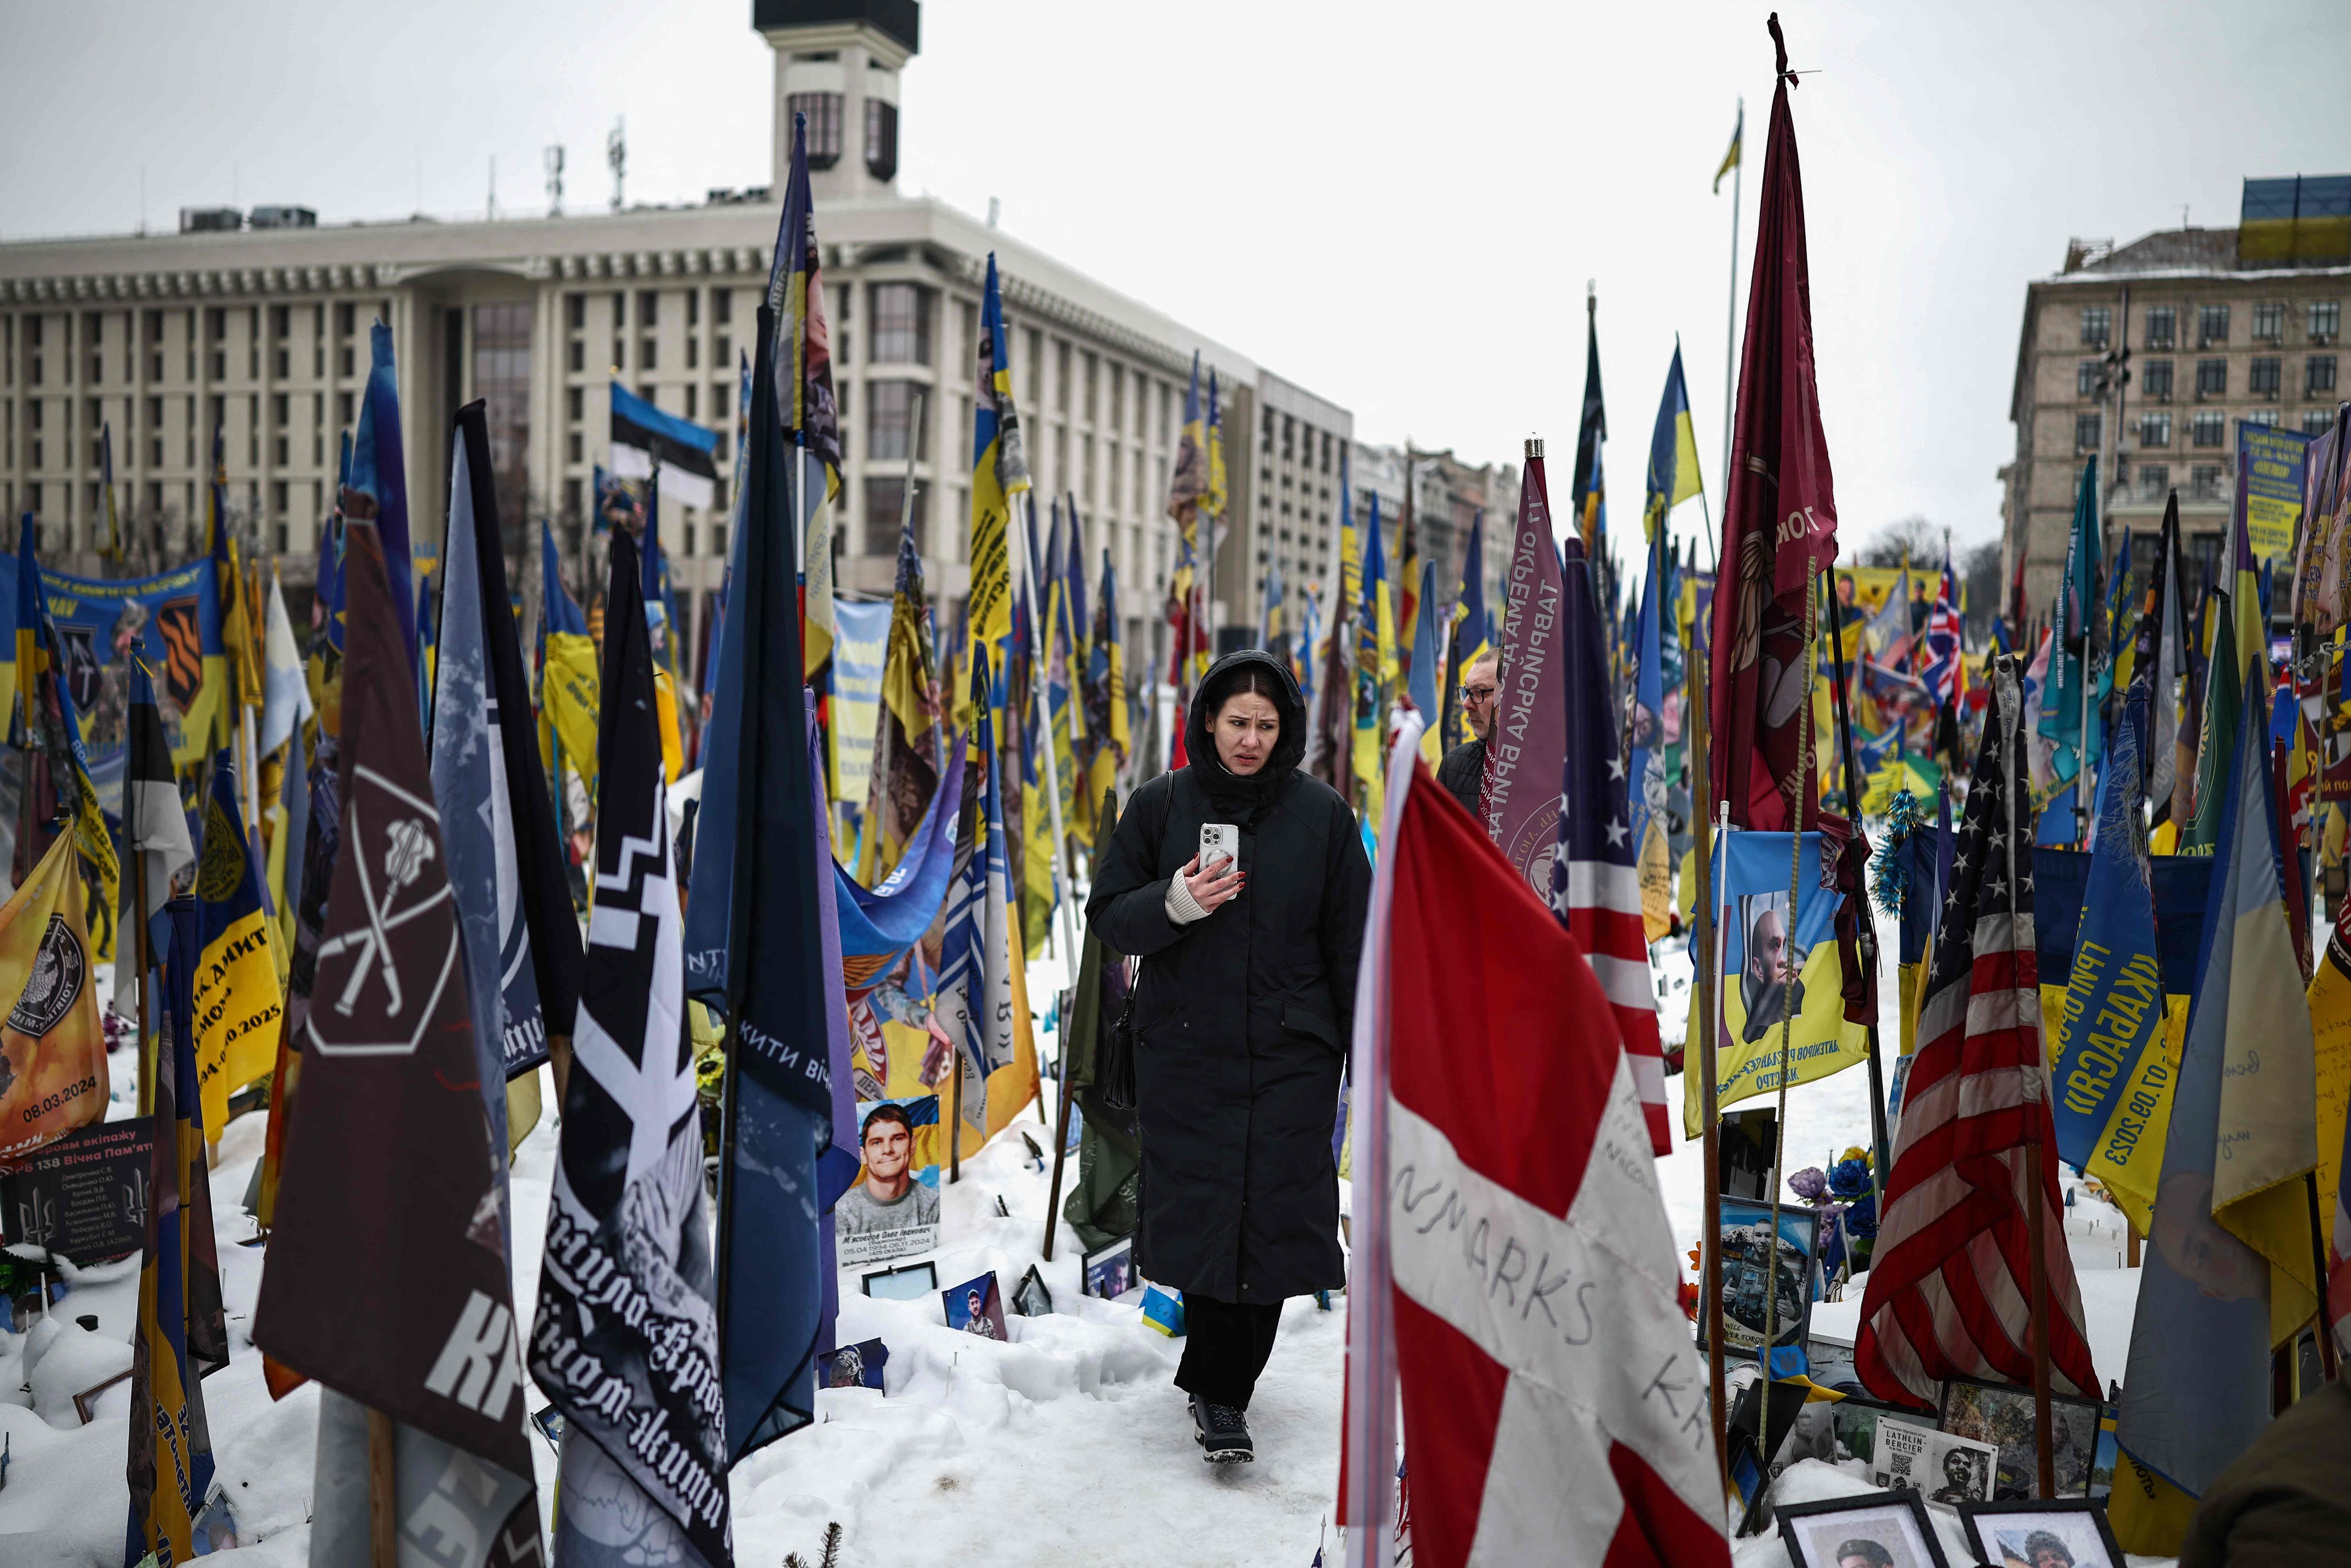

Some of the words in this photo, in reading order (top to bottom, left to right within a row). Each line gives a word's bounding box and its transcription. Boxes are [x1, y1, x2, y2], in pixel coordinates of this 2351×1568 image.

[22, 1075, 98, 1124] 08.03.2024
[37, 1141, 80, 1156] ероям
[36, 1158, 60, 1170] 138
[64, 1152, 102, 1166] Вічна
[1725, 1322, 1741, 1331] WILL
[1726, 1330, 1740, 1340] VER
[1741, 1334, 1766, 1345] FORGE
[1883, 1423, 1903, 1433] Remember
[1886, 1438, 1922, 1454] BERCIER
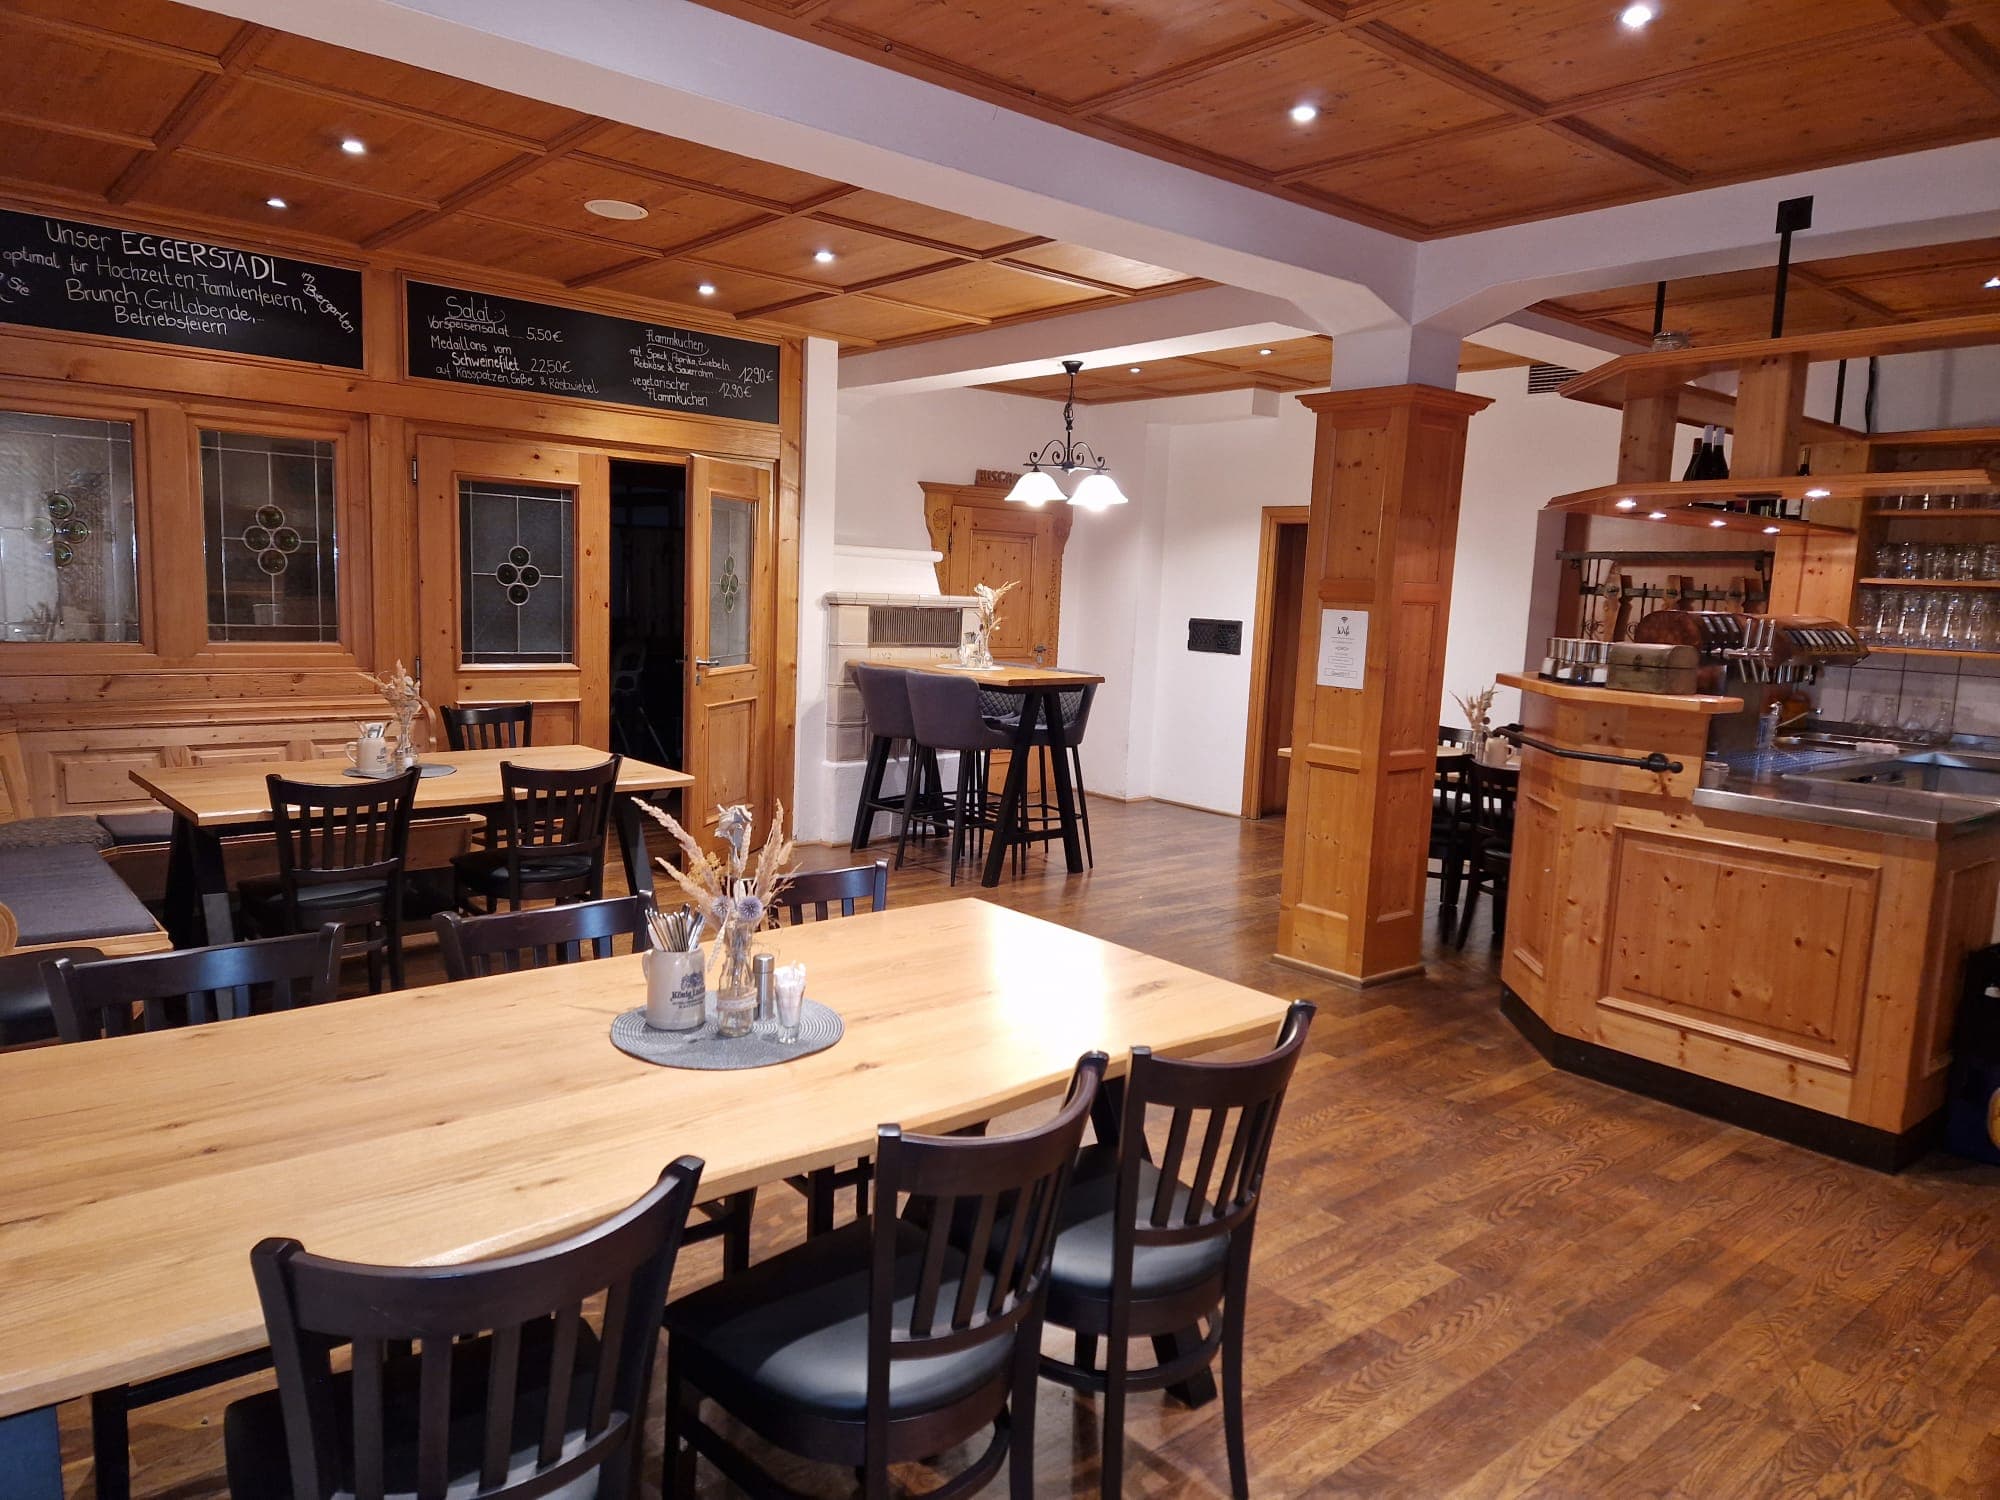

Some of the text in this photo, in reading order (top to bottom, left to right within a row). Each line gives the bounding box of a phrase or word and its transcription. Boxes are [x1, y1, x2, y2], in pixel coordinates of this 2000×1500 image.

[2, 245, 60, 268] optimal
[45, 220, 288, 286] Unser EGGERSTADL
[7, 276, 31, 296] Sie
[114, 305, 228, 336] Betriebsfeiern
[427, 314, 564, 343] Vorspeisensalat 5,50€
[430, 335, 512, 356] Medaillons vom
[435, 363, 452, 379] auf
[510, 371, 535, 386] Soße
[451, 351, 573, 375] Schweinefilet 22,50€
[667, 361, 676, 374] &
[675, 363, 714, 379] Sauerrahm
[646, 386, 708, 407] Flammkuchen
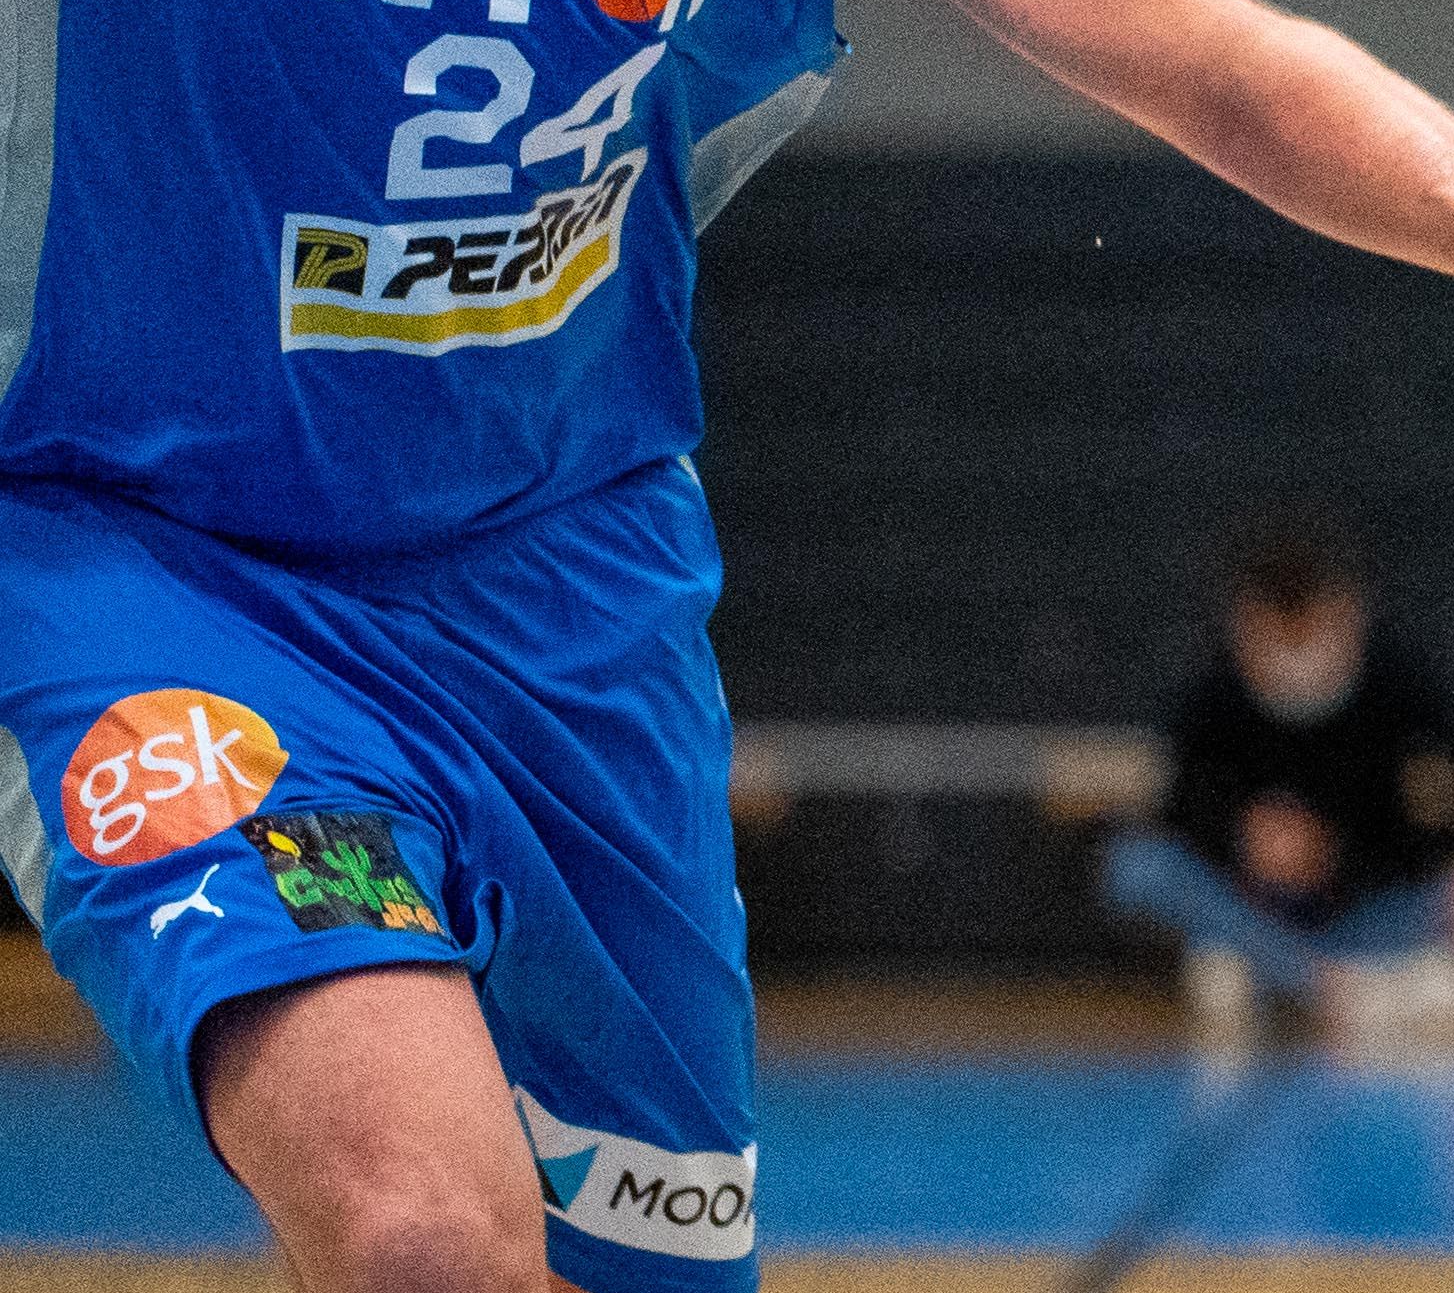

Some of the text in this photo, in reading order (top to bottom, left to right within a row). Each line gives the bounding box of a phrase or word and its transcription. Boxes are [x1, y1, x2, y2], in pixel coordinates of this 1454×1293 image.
·····
◆ DIRECTIONS
In your copy, include every record word for word but no pictures.

◆ EXERCISE ANSWER
Some of the words in this photo, in reading order (top to bottom, left to right within a row). Each line gives a word's bounding box and its transcription. Boxes are [x1, y1, x2, y2], in pixel coordinates of this 2351×1568 image.

[22, 1075, 98, 1124] 08.03.2024
[37, 1141, 80, 1156] ероям
[36, 1158, 60, 1170] 138
[64, 1152, 102, 1166] Вічна
[1725, 1322, 1741, 1331] WILL
[1726, 1330, 1740, 1340] VER
[1741, 1334, 1766, 1345] FORGE
[1883, 1423, 1903, 1433] Remember
[1886, 1438, 1922, 1454] BERCIER

Some of the text in this photo, in reading order (top to bottom, left to right within a row). Each line gives the bounding box of a phrase or word and its transcription. Boxes are [x1, y1, x2, y2], in pixel coordinates of this 2000×1500 image.

[2, 245, 60, 268] optimal
[45, 220, 288, 286] Unser EGGERSTADL
[7, 276, 31, 296] Sie
[114, 305, 228, 336] Betriebsfeiern
[427, 314, 564, 343] Vorspeisensalat 5,50€
[430, 335, 512, 356] Medaillons vom
[435, 363, 452, 379] auf
[510, 371, 535, 386] Soße
[451, 351, 573, 375] Schweinefilet 22,50€
[667, 361, 676, 374] &
[675, 363, 714, 379] Sauerrahm
[646, 386, 708, 407] Flammkuchen

Some of the text in this photo, in reading order (top to bottom, left to right within a row). Each line gives the bounding box of a phrase or word and its transcription. Boxes are [x1, y1, x2, y2], in pixel coordinates of this 1454×1293 image.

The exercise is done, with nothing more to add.